RBI cut the GDP growth rate forecast for FY20 to 7 percent from 7.2 percent indicating the possibility of economy facing headwinds, experts said
Sensex tanked over 500 points intraday, extending its losses even after the Reserve Bank of India (RBI) decided to cut the repo rate by 25 bps. The benchmark was dragged by bank and financial services stocks that traded lower.
A downward revision of FY20 GDP growth forecast and no major measure to address liquidity conditions for NBFCs dented sentiment, suggest experts.
"The unanimous decision by the Monetary Policy Committee (MPC) of RBI to cut repo rate by 25 bps and change its stance on liquidity from neutral to accommodative while lowering both the GDP growth forecast and inflation forecast for Q4FY20 is an unambiguous admission that it has failed to anticipate the sharp deceleration in India's aggregate demand and remains firmly behind the curve in providing succour to the beleaguered economy,” Ajay Bodke, CEO PMS at Prabhudas Lilladher told Moneycontrol.
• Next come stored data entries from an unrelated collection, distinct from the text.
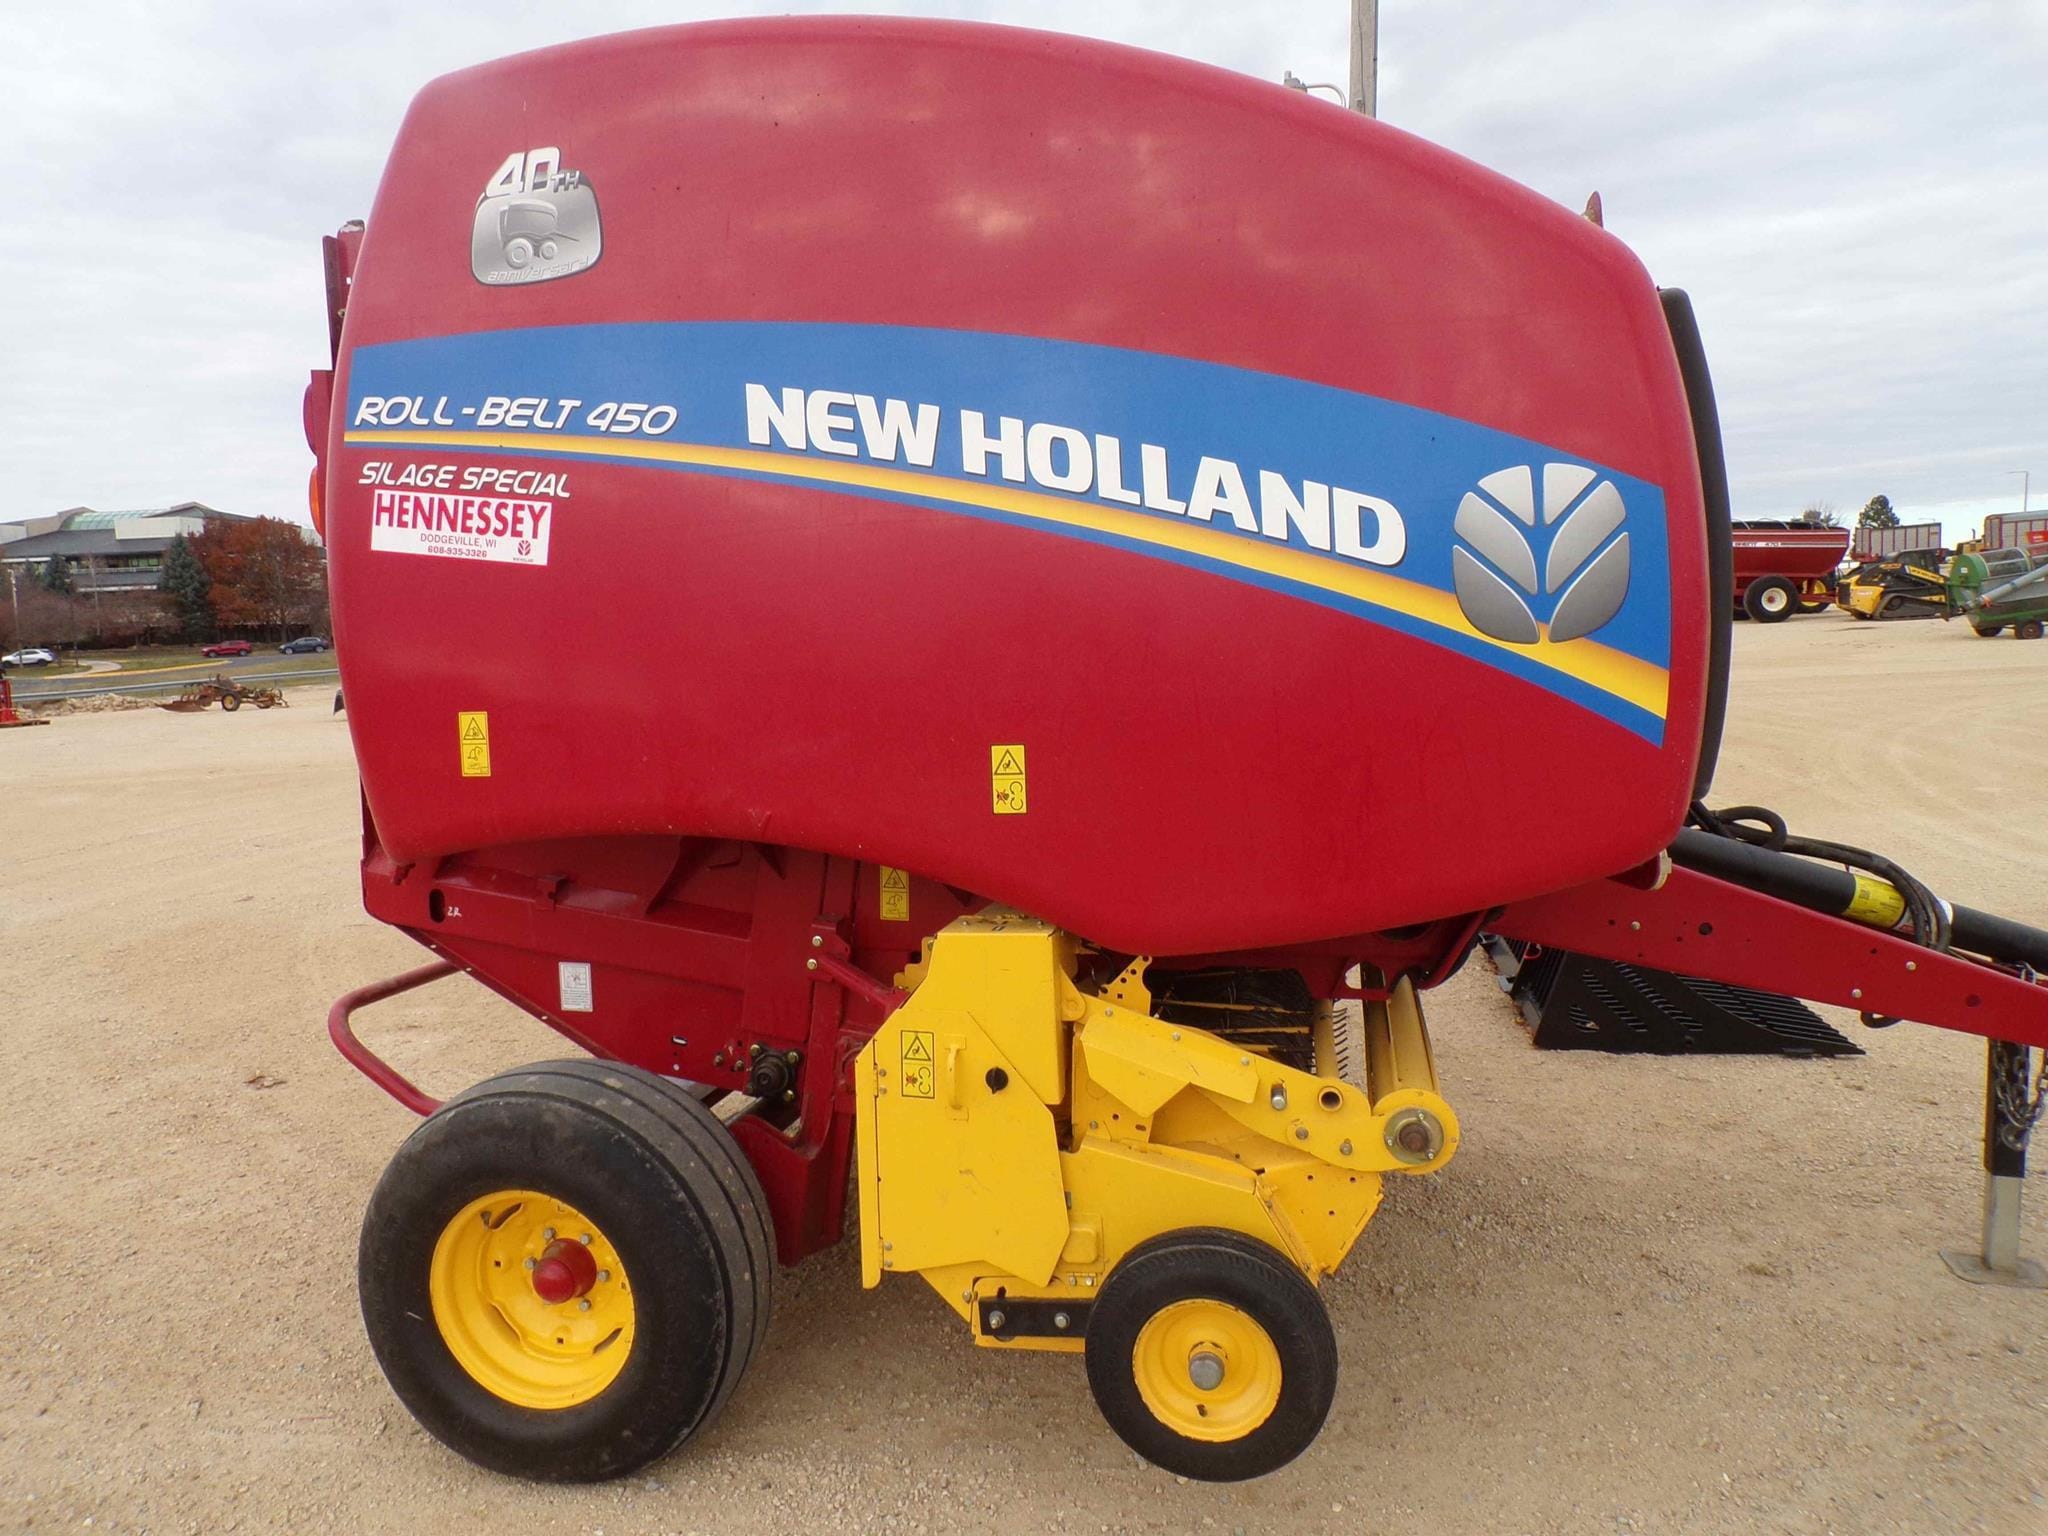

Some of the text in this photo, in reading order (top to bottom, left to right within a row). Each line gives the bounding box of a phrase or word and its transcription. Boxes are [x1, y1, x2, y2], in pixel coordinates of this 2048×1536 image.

[586, 402, 677, 435] 450
[358, 462, 571, 498] SILAGE SPECIAL
[745, 382, 1407, 567] NEW HOLLAND
[375, 493, 548, 540] HENNESSEY
[427, 545, 488, 558] 608-935-3326
[485, 538, 497, 548] WI
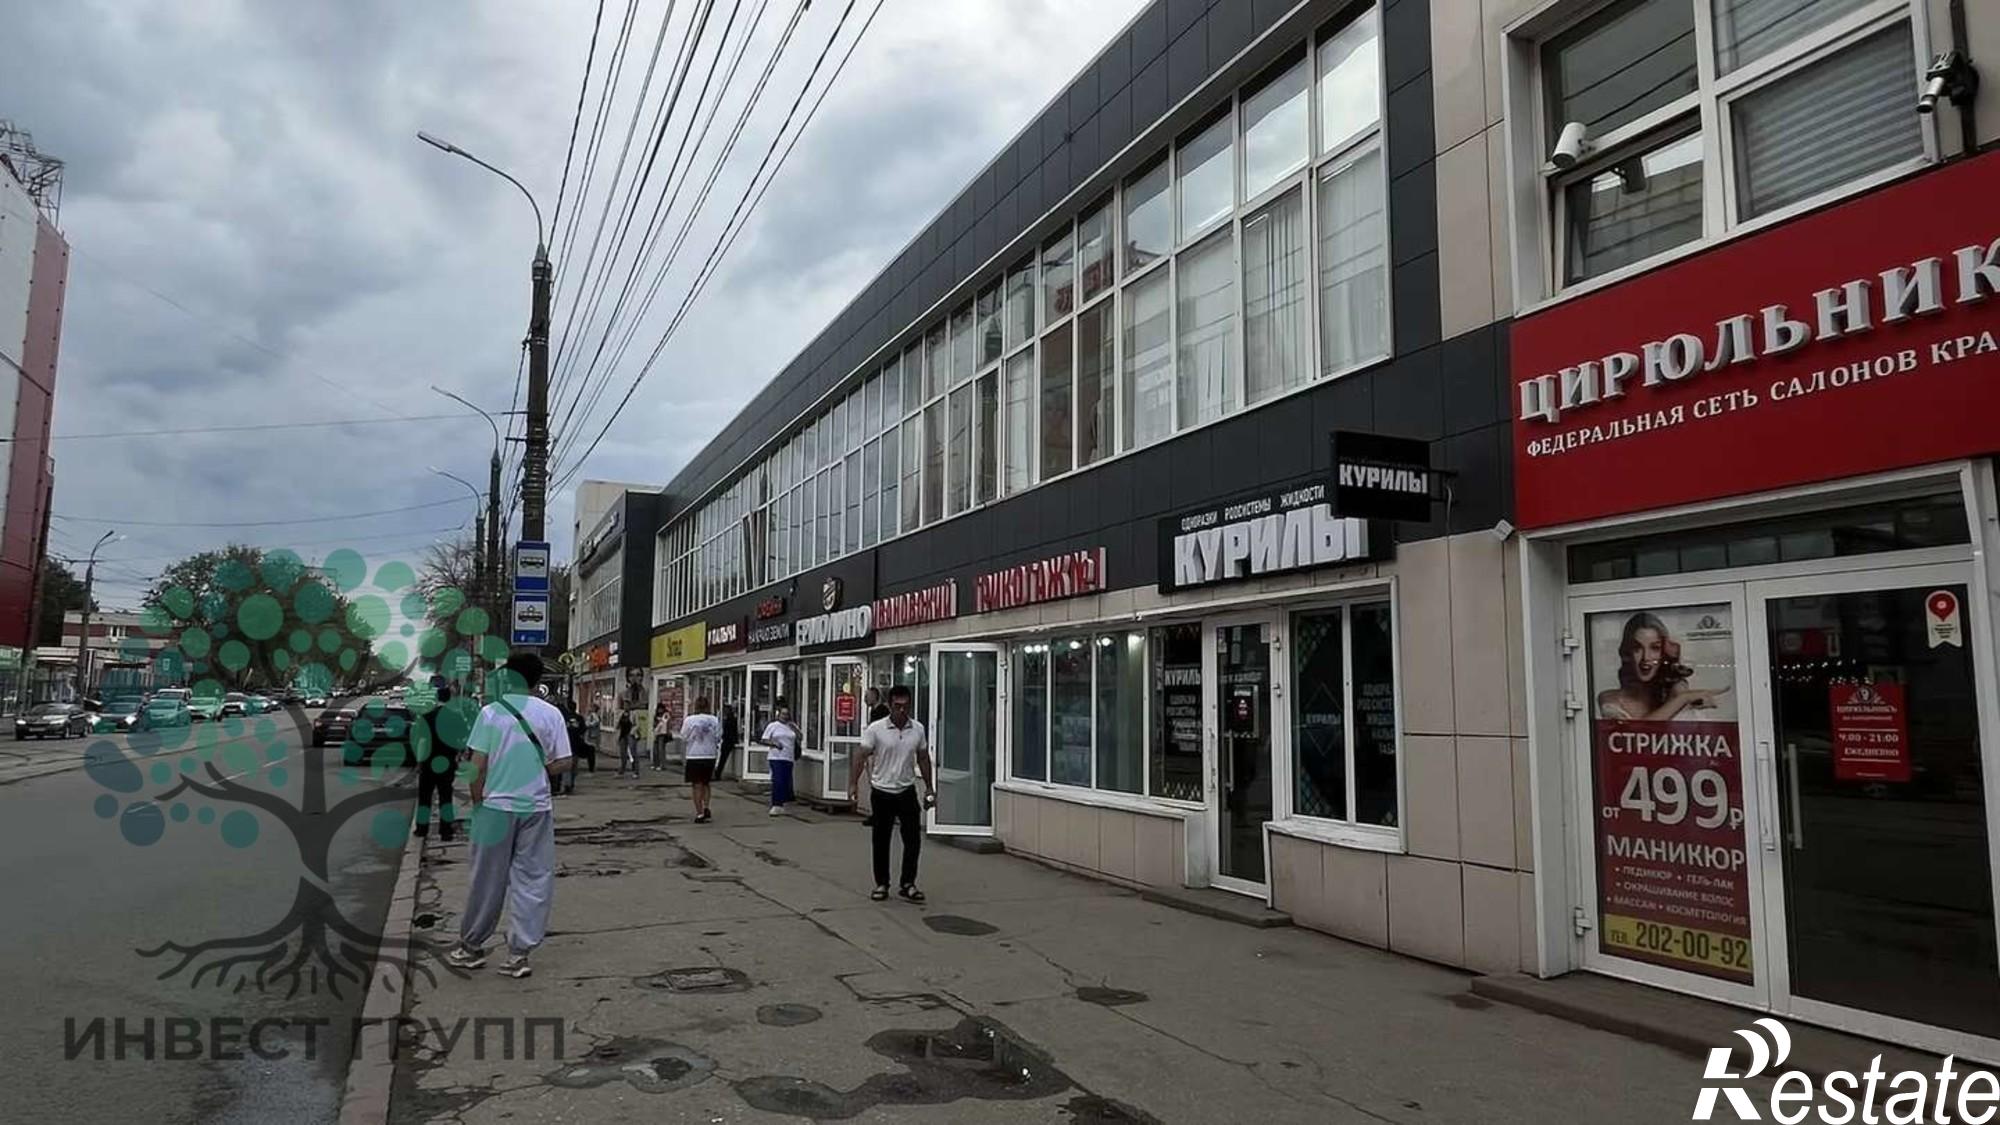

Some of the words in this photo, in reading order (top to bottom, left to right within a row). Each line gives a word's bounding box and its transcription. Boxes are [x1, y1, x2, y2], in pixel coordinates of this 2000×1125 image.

[1527, 405, 1685, 458] ФЕДЕРАЛЬНАЯ
[1694, 388, 1758, 419] СЕТЬ
[1770, 350, 1918, 401] САЛОНОВ
[1339, 463, 1428, 494] КУРИЛЫ
[1280, 485, 1325, 508] ЖИДКОСТИ
[1174, 503, 1369, 587] КУРИЛЫ
[797, 605, 872, 647] ЕРМОЛИНО
[1608, 731, 1732, 758] СТРИЖКА
[1607, 834, 1746, 872] МАНИКЮР
[1623, 866, 1673, 880] ПЕДИКЮР
[1624, 881, 1699, 901] ОКРАШИВАНИЕ
[1666, 905, 1747, 926] КОСМЕТОЛОГИЯ
[1636, 922, 1748, 969] 202-00-92
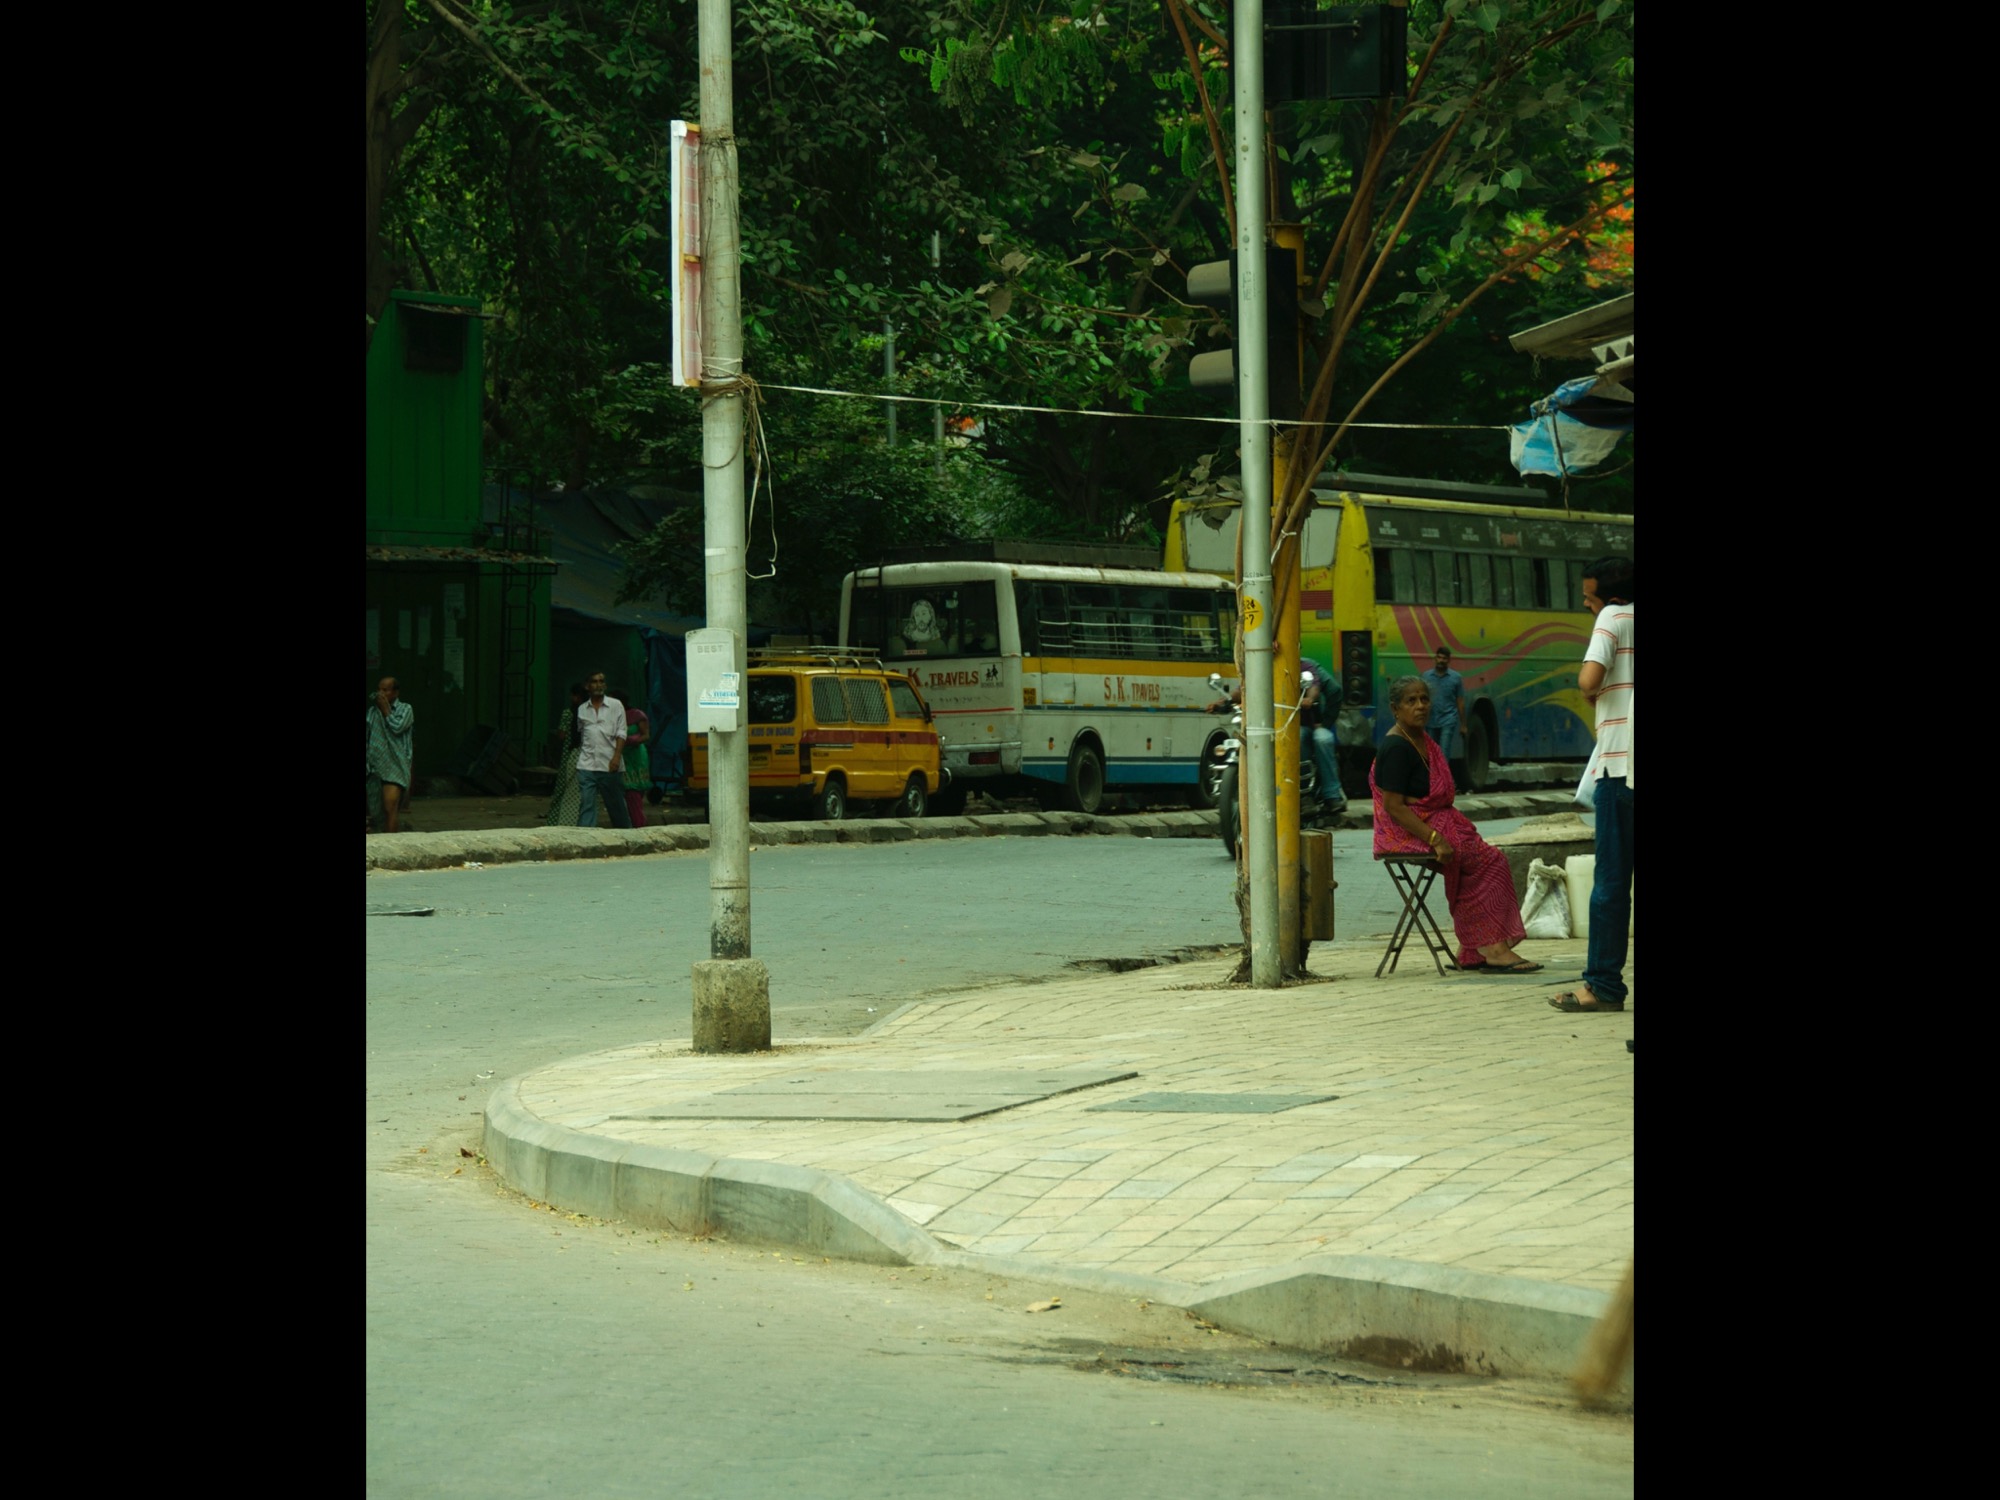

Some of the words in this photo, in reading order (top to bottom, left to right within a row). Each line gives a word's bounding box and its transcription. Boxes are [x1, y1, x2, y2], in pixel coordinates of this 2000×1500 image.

“No specific measure has been announced that would provide immediate relief to the much-troubled NBFC sector. The market is facing a crisis of confidence with respect to the precariously perched NBFC (including HFCs) and fixed-income mutual fund sectors,” he said.
Looking at the market pattern, it was indeed a perfect scenario of a buy-on-rumours-and-sell-on-news scenario that panned out on June 6.
Rate-sensitive stocks that were hitting record highs in the run-up to the MPC meet witnessed a big sell-off in intraday trade. The Nifty Bank cracked more than 700 points breaking below 31,000 largely weighed down by Bank of Baroda, IndusInd Bank, IDFC First, Yes Bank, PNB, Federal Bank and SBI.
“Although a majority of market participants had called for beyond standard cut of 25 bps, the current rate cut came in line with the market expectation,” Dinesh Rohira, CEO and Founder at 5nance.com told Moneycontrol.
Naveen Kulkarni, Head of Research, Reliance Securities told Moneycontrol that while the rate cut of 25 basis points was in line with our expectation, concerns over growth and challenges regarding liquidity continue to linger.
“The market is not necessarily cheering the rate cut as it had already factored the decision and something more was expected,” he said.
RBI's decision to cut rates and change in stance to 'accommodative' from 'neutral' earlier signifies a dovish outlook from the central bank. But, the cut is perhaps not big enough to put Asia’s third largest economy in a recovery mode.
"A 25 bps rate cut falls short of what is required with a delayed and expected insufficient monsoon. This cut is a mild inflation tamer but not the big growth driving rate cut that the economy needs," Ranjan Chakravarty, Product Strategy, MSE, told Moneycontrol.
RBI also lowered the GDP growth rate forecast for FY20 to 7 percent from 7.2 percent that indicates the likelihood of economy facing headwinds led by a slowdown in consumption and private investment, said experts."Though the MPC has cut down the GDP growth rate forecast for H1FY20, but the Committee expects growth to be back on track by infusing liquidity through OMOs to the tune of 40k crore announced so-far in FY20. A quick transmission of repo rates by the banks will act as a breather for the Housing finance customers," Foram Parekh, Fundamental Analyst – Equity, Indiabulls Ventures Ltd, told Moneycontrol.